Soruyorum herkese bugün dolar kuru ne kadar?
Dolar 8.10 TL
Neredeyse 8 kat artmış 2001 yılına göre…
O beğenilmeyen ve önüne müellif kasa fırlatılan Ecevit’in başbakanlığındaki hükümet vaktinde;
çeyrek altın 30 TL, akaryakıt 1.64 TL, ekmek 25 kuruş, bir kilo et 8,30 TL’ydi.
Gelelim 2021 Türkiye’sine;
Uçtuğumuz, hatta ekonomik alanda ABD’yi bile geride bıraktığımız AKP idaresindeki iktisada.
Bugün dolar 8.10 TL, Euro 9,70 TL.
Çeyrek altın 750 TL, akaryakıt 7,10 TL, ekmek 1,50 TL, bir kilo et (ortalama) 100 TL…

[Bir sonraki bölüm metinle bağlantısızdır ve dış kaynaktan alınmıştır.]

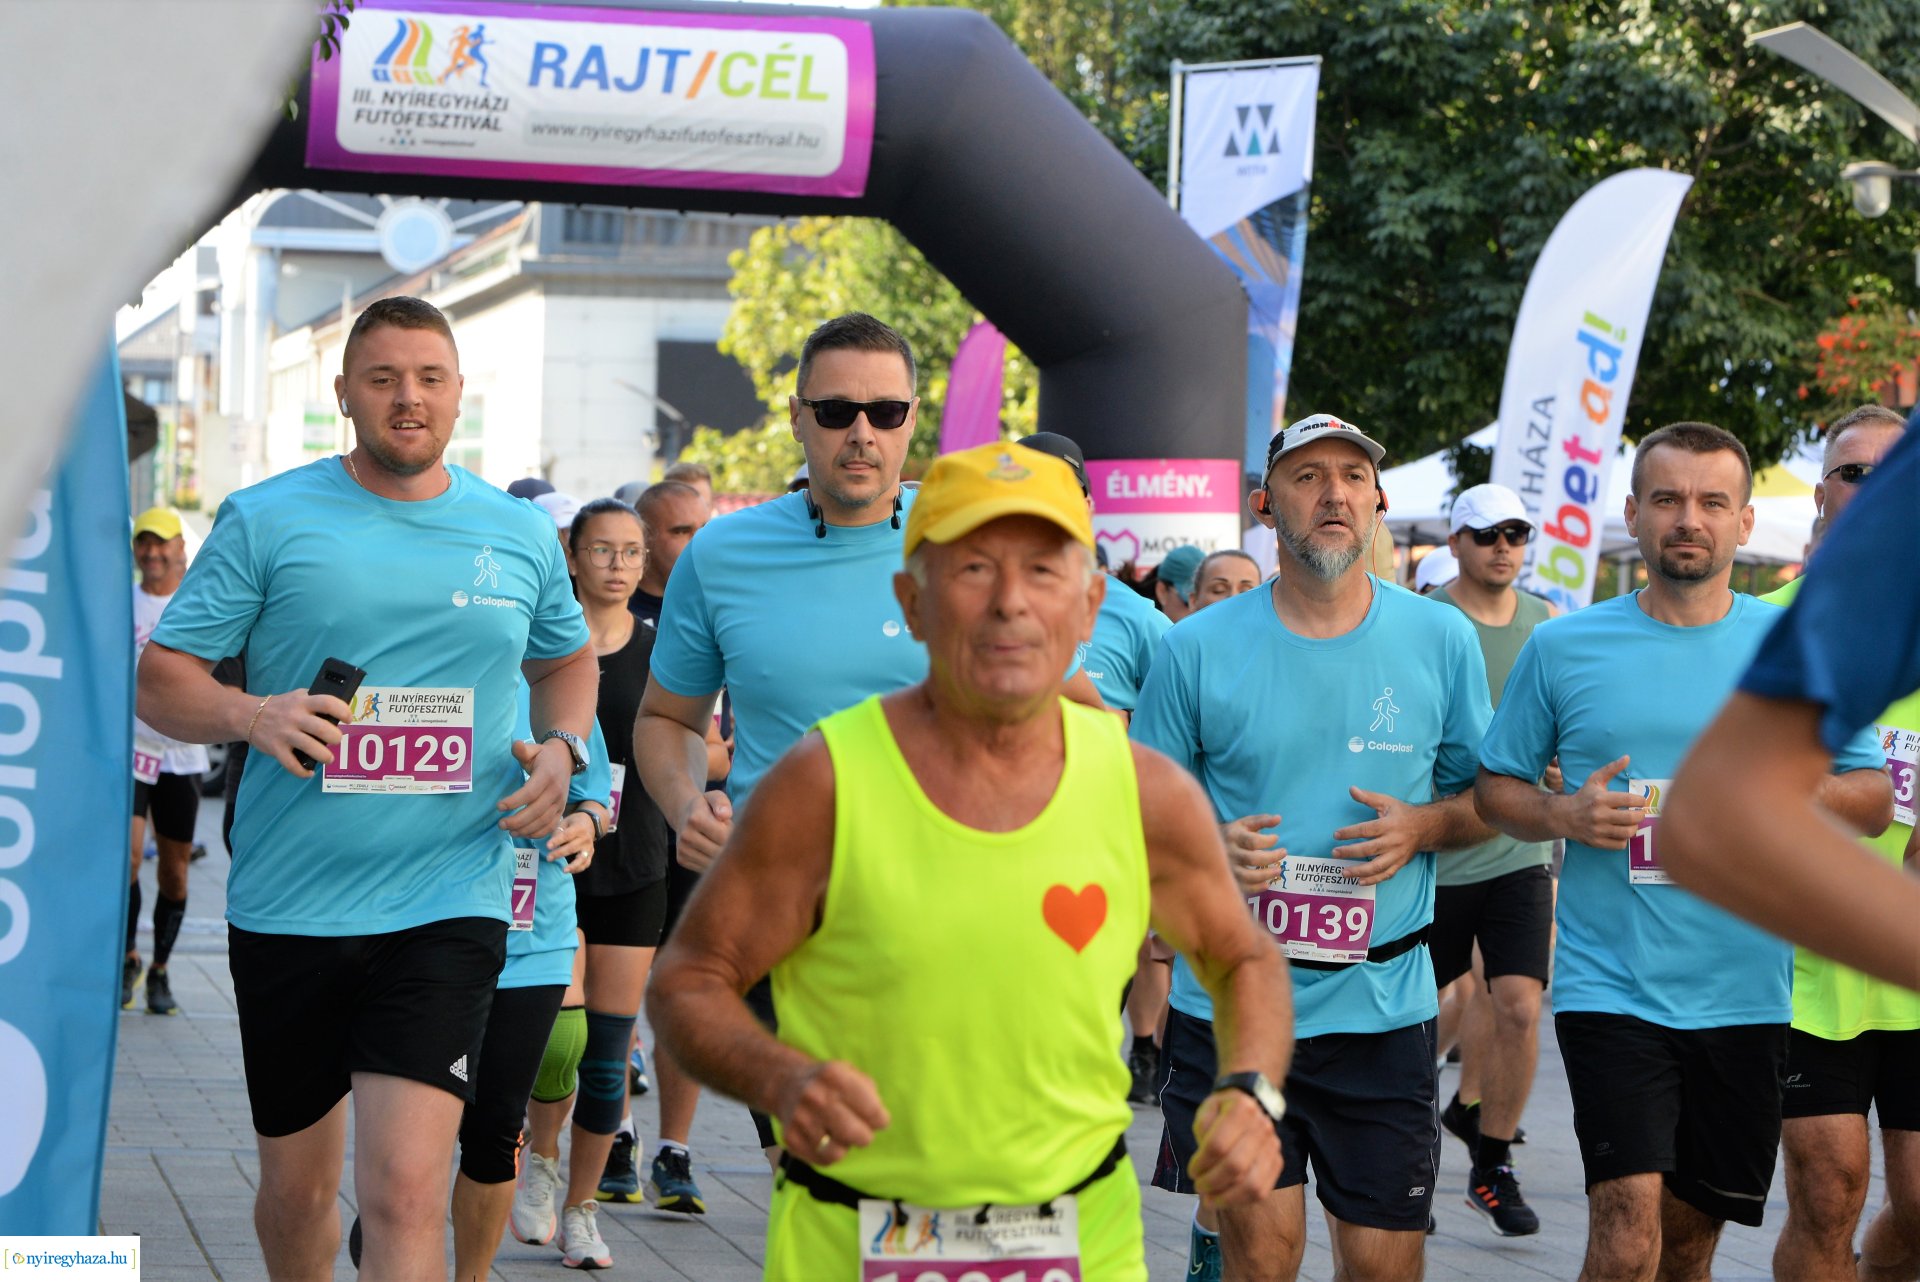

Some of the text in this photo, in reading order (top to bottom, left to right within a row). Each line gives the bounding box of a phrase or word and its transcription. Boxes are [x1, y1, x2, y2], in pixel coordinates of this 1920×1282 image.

Ey muharrir kasa fırlatanlar neredesiniz?
2002 yılında aylığıyla yaklaşık 8 çeyrek altın satın alabilen en düşük emekçi emeklisinin artık maaşı yalnızca 2 çeyrek altına yetiyor. Emekçi emeklisi ortadan geçen 18 yılda refahı artacağına 6 çeyrek altın birden kaybetti. Ne acı değil mi?
Emeklilerimizin neredeyse yarısına denk gelen 4 milyon 179 bin 840 emeklimiz, taban fiyatın altında bir maaş almakta. Emeklilerimiz iktidar partisi eliyle açlığa ve yoksulluğa mahkûm edilmiş vaziyette.
2002 yılında ülke borcumuz 130 milyar Dolar iken, günümüzde 450 milyar Dolar toplam borç ile
dünyadaki en makus birinci 3 iktisat ortasında gösteriliyoruz.
Ülkenin tek motoru olan inşaat dalı de durdu. Para – finans sistemi kısa vadeli sıcak para sistemine dayalıydı. O da güvensizlik ortamı nedeniyle yatırımcının kaçmasıyla ne hal alacak muhakkak değil!
Ekonomik manada o kadar sorun var ki 2021 Türkiye’si için…
2021 yılında geldiğimiz nokta: Büyüyen cari açık, artan işsizlik, gelir dağılımında yaşanan büyük adaletsizlik, politik inanç kapsayıcılığının azalmasıyla içte ve dışta yaşanan güvensizlik ile birlikte demokrasi ve hukukun askıya alınmasının getirdiği çürüme maalesef ekonomiyi bitme noktasına getirmiştir.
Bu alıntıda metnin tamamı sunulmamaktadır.